New Framework Enhances LLM Reasoning by Optimizing Token Distributions

Xuanzhi Feng, Zhengyang Li, Zeyu Liu, Haoxi Li, Yuming Jiang, Bing Guo, Jingcai Guo, Jie Zhang, Song Guo· June 19, 2026 View original

Summary

This paper introduces the Independent Combinatorial Tokens (ICT) framework, which improves Large Language Model (LLM) reasoning by focusing on token-level distributional deviations rather than scalar uncertainty. ICT uses Jensen-Shannon divergence to identify critical tokens, preventing entropy collapse or explosion and stabilizing training.

Reinforcement Learning with Verifiable Rewards (RLVR) has significantly advanced Large Language Model (LLM) reasoning, but it faces a core instability: uniform token updates can lead to "entropy collapse," causing premature convergence to suboptimal strategies, while excessive entropy maximization can result in "entropy explosion," leading to incoherent reasoning.

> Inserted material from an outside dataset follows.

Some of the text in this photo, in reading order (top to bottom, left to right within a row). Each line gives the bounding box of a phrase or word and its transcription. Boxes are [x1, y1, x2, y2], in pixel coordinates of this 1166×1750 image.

This research proposes a solution to this dilemma. The Independent Combinatorial Tokens (ICT) framework shifts the optimization focus from simple scalar uncertainty measures to the distributional properties of token logits. By employing Jensen-Shannon (JS) divergence, ICT identifies tokens with distinct distributional patterns, which are then used as critical branching points to guide more effective exploration during LLM reasoning. Theoretical analysis confirms that selectively updating these specific tokens regulates policy concentration, reducing overall distribution uncertainty while controlling probability concentration. This dual effect prevents both over-concentrated token generation that stifles exploration and stabilizes the training landscape. Empirical results on Qwen2.5 models demonstrate significant improvements in reasoning benchmarks, with an average pass@4 gain of 4.58% and a maximum of 14.9% over existing baselines.

Why it matters

This advancement offers a more stable and effective method for training LLMs, leading to improved reasoning capabilities and more robust performance in complex problem-solving tasks, directly impacting AI development and application.

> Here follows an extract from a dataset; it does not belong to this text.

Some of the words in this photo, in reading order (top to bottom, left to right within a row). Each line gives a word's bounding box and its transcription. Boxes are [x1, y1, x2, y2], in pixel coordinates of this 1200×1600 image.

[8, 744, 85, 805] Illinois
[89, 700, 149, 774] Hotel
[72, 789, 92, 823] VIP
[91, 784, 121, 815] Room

How to implement this in your domain

  1. 1Investigate the ICT framework for fine-tuning or training custom LLMs to improve reasoning.
  2. 2Apply Jensen-Shannon divergence or similar distributional metrics to analyze token logits in LLM outputs.
  3. 3Implement selective token updating strategies to prevent entropy collapse or explosion during LLM training.
  4. 4Benchmark LLM reasoning performance using diverse problem sets to evaluate the impact of advanced optimization techniques.

Who benefits

AI ResearchSoftware DevelopmentData ScienceEducationFinance

Key takeaways

  • ICT framework improves LLM reasoning by focusing on token-level distributional deviations.
  • It uses Jensen-Shannon divergence to identify critical tokens for effective exploration.
  • The method prevents both entropy collapse and entropy explosion during training.
  • Empirical results show significant improvements in LLM reasoning benchmarks.

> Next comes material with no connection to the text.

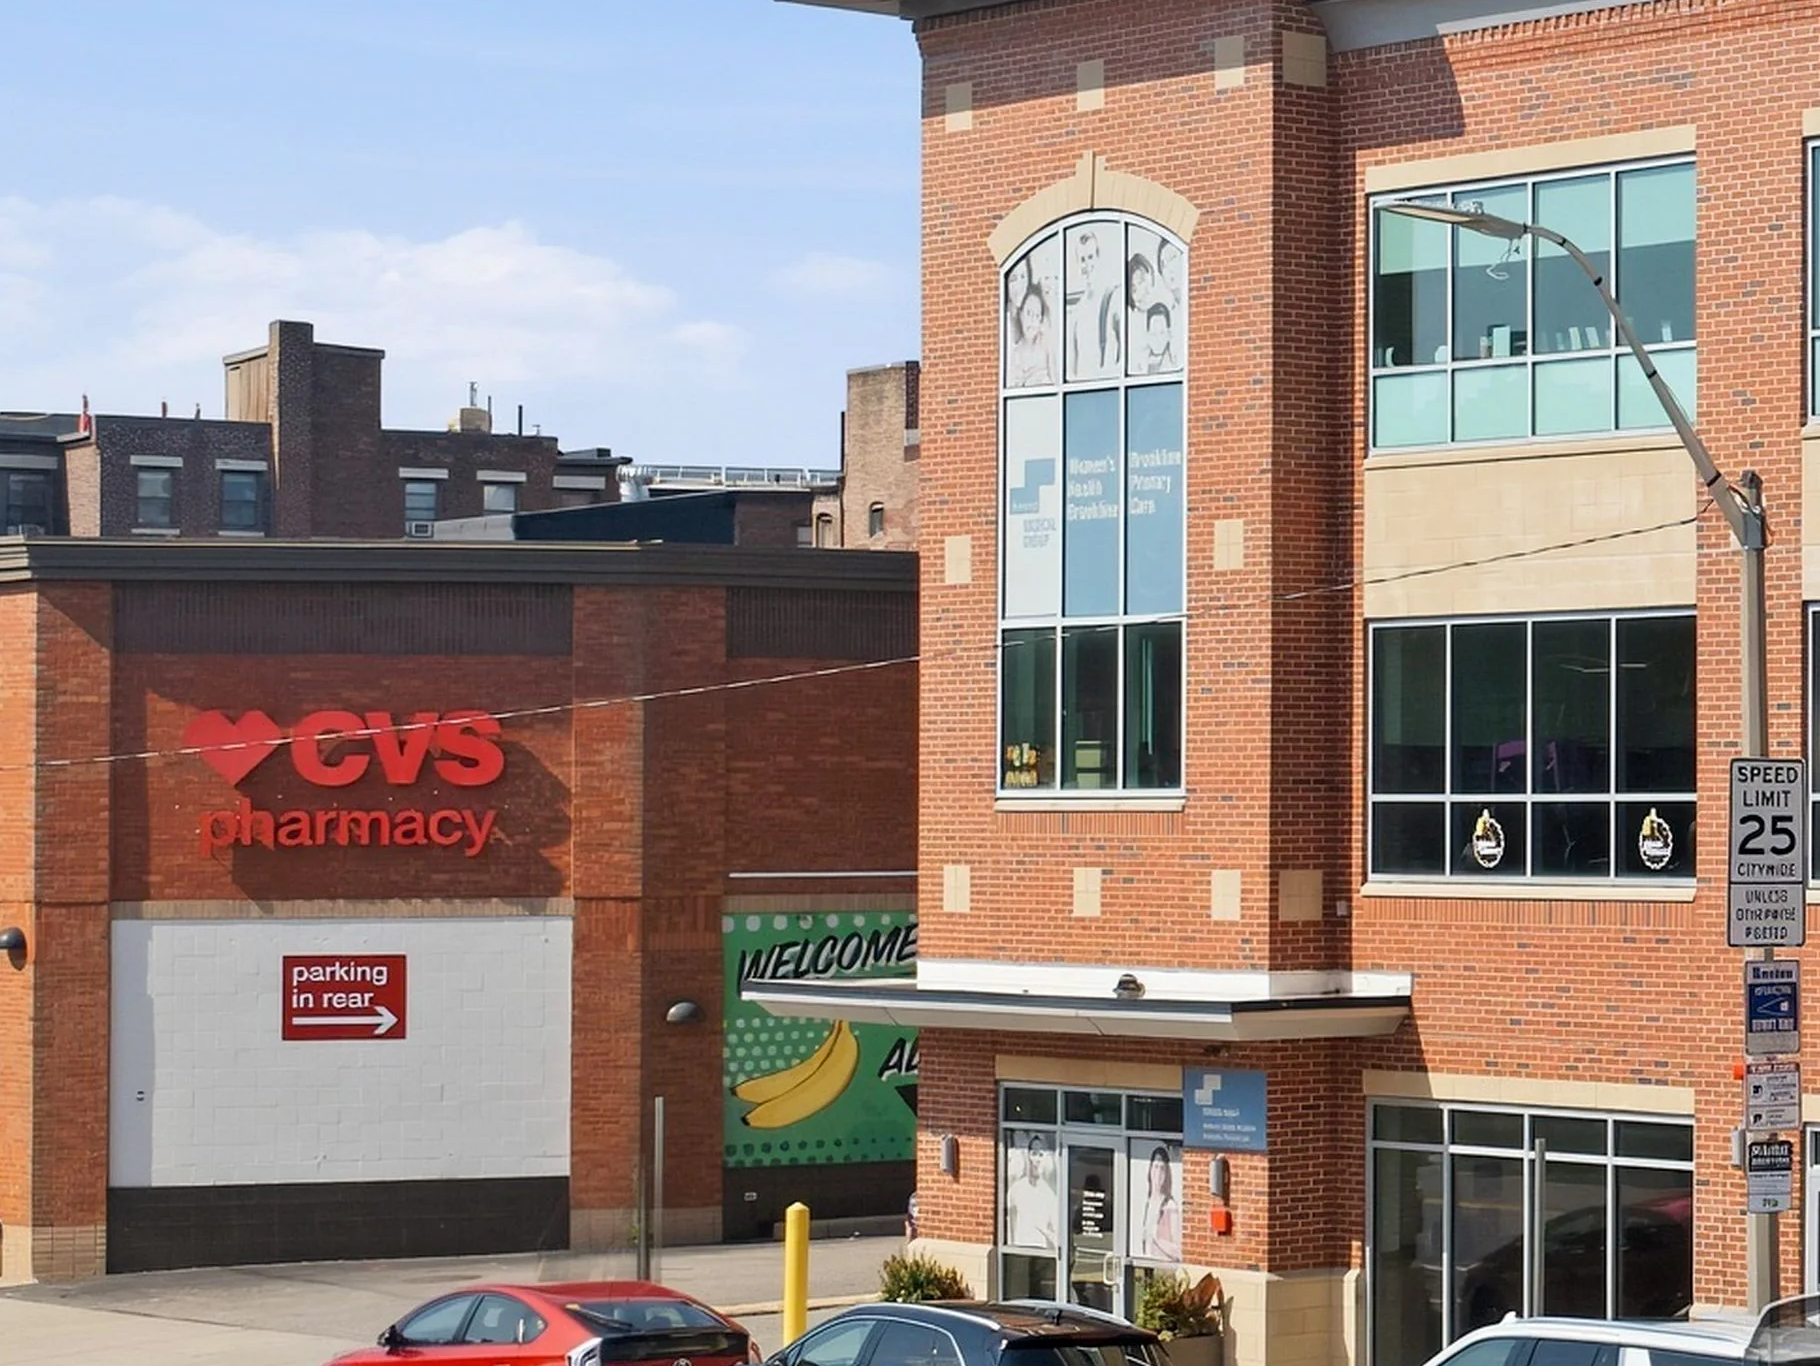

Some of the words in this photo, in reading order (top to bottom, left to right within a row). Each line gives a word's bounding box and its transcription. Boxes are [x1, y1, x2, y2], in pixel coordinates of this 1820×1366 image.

Original post by Xuanzhi Feng, Zhengyang Li, Zeyu Liu, Haoxi Li, Yuming Jiang, Bing Guo, Jingcai Guo, Jie Zhang, Song Guo

"arXiv:2606.19771v1 Announce Type: new Abstract: Reinforcement Learning with Verifiable Rewards (RLVR) has significantly advanced Large Language Model (LLM) reasoning; however, it faces a fundamental optimization instability: uniform token updates precipitate entropy collapse, lea…"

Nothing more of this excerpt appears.